Pour repeupler Amide, devenue le tombeau de ses habitants,
et pour récompenser Edesse des secours qu’elle avait fournis pendant le siège,
l’empereur accorda pour sept ans à la ville d’Amide une exemption totale de
tributs, et déchargea de la moitié la ville d’Edesse. Non content de cette
libéralité, il fit porter en Mésopotamie de grandes sommes d’argent pour le
soulagement des pauvres; et Flavien, patriarche d’Antioche, y envoya aussi
d’abondantes aumônes. Mais Anastase, après avoir remédié aux maux dont Amide était
affligée , troubla par son imprudence le repos de cette église. Jean, évêque
d’Amide, était mort avant le siège. Pour remplir sa place, les habitants
avoient demandé à Flavien d’Antioche le prêtre Nonnus,
et Flavien y avait consenti. Le nouveau prélat envoya Thomas, son chorévêque, à
Constantinople, pour rappeler les habitants qui s’y étaient retirés au
commencement de la guerre. Thomas, au lieu de s’acquitter de sa commission, sollicita
pour lui-même auprès de l’empereur l’évêché d’Amide, comme s’il eût encore été
vacant, et l’obtint par ses intrigues. Anastase écrivit à Flavien en sa faveur,
et exigea de lui qu’il confirmât l’élection faite contre les règles à
Constantinople. Un procédé si peu canonique eut cependant son effet. Thomas
chassa Nonnus, et usurpa son église. Le prélat
dépossédé eut recours à Flavien, qui, n’osant s’opposer aux volontés de
l’empereur, dédommagea Nonnus, en lui conférant l’évêché
de Séleucie. Treize ans après, Thomas étant mort, Nonnus rentra en possession de l’église d’Amide.
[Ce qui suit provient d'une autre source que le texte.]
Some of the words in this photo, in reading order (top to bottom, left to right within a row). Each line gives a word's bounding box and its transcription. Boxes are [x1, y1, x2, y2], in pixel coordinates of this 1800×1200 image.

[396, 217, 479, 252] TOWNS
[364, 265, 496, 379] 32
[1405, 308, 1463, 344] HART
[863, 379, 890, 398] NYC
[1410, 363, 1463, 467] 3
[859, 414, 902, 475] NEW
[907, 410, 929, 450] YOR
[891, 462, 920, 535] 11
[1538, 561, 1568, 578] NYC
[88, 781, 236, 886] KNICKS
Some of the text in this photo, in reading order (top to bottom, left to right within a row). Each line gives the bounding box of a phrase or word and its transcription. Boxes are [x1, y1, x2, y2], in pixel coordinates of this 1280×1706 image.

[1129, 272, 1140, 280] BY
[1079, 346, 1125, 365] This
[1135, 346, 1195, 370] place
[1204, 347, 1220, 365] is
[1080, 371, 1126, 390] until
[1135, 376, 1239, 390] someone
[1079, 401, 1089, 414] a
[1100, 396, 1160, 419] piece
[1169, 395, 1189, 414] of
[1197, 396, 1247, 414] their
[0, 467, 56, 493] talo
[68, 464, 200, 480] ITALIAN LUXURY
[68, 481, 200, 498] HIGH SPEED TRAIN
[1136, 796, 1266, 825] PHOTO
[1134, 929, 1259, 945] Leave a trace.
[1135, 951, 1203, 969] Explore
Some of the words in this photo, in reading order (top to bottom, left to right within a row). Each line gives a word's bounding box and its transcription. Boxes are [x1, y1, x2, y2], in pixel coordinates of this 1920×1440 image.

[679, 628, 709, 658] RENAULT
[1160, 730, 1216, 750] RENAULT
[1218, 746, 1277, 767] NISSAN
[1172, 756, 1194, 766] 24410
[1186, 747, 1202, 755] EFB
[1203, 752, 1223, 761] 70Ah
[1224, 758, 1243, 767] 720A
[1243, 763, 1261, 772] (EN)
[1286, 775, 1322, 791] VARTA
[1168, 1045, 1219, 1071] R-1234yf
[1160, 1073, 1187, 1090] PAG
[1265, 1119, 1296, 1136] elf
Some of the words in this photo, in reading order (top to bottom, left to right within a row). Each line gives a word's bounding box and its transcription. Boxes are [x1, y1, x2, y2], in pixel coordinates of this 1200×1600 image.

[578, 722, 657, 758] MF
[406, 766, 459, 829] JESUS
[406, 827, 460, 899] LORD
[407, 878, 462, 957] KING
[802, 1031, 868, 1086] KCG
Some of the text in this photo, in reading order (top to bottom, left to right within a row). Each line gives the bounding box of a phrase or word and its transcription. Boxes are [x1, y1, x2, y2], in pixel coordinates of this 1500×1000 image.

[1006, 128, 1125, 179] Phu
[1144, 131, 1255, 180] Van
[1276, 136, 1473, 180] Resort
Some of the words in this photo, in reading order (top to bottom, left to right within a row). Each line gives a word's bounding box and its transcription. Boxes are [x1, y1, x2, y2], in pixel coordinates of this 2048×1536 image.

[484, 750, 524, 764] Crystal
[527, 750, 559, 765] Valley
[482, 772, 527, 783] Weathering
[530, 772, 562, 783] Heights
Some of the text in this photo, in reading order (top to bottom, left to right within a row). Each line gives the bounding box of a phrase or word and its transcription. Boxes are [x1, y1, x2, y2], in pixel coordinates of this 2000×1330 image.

Les Arabes, nation inquiète et ennemie de la paix,
n’avoient pas quitté les armes. Sujets, les uns des Perses, les autres des
Romains, ils continuaient leurs incursions et leurs ravages. Céler, qui était revenu à Apamée, donna ordre à Timostrate
de contenir ceux qui obéissaient aux Romains; et le commandant de Nisibe obligea
les autres de rentrer dans le devoir. Mais une autre sorte d’ennemis ravageait
la Mésopotamie. Les bêtes féroces, qui, dans le cours d’une guerre meurtrière,
s’étaient accoutumées à se repaître de cadavres, infestaient les chemins, attaquaient
et dévoraient les voyageurs, se jetaient en troupes non-seulement dans les
métairies et dans les villages, mais même dans les villes, qu’elles remplissaient
de carnage. Il fallut armer des troupes et leur faire la guerre pour les
repousser dans leurs forêts.
Quoique la paix avec la Perse parut assurée pour longtemps,
Anastase ne négligea pas de fortifier la barrière de l’empire. Euloge,
gouverneur d’Edesse, reçut deux cent vingt livres d’or pour réparer les
murailles de cette ville, pour l’embellir au-dedans par de nouveaux
édifices. Pharasmane y fut laissé avec un corps de
troupes pour veiller à la sûreté du pays. Les murs de Batnes, qui étaient
tombés en ruine, furent relevés. Théodosiopolis, en
Arménie, n’était qu’un château : Anastase en fit une ville, ayant environné
d’une muraille la colline sur laquelle le château était bâti. Cette muraille était
fort large, mais elle n’avait que trente pieds de hauteur, ce qui la rendit
facile à escalader, surtout aux Perses, qui, étant très légers, se servaient de
fort longues échelles, et semblaient voler comme des oiseaux vers le haut des
murs les plus élevés. D’ailleurs elle était commandée par un rocher voisin.
Justinien répara ces défauts dans la suite: il éleva la muraille au double de
la hauteur que lui avait donnée Anastase; il l’environna d’une fausse-braie et
d’un fossé large et profond; il fit escarper le roc, et le rendit inaccessible;
en sorte que cette ville, qui fut la résidence du général des troupes
d’Arménie, devint le plus fort boulevard de l’empire du côté de la Perse.
Anastase avait voulu lui donner son nom; mais il éprouva que les princes, maîtres
de la fortune et de la vie même de leurs sujets, n’ont pas le même empire sur
le langage: la place conserva le nom de Théodosiopolis.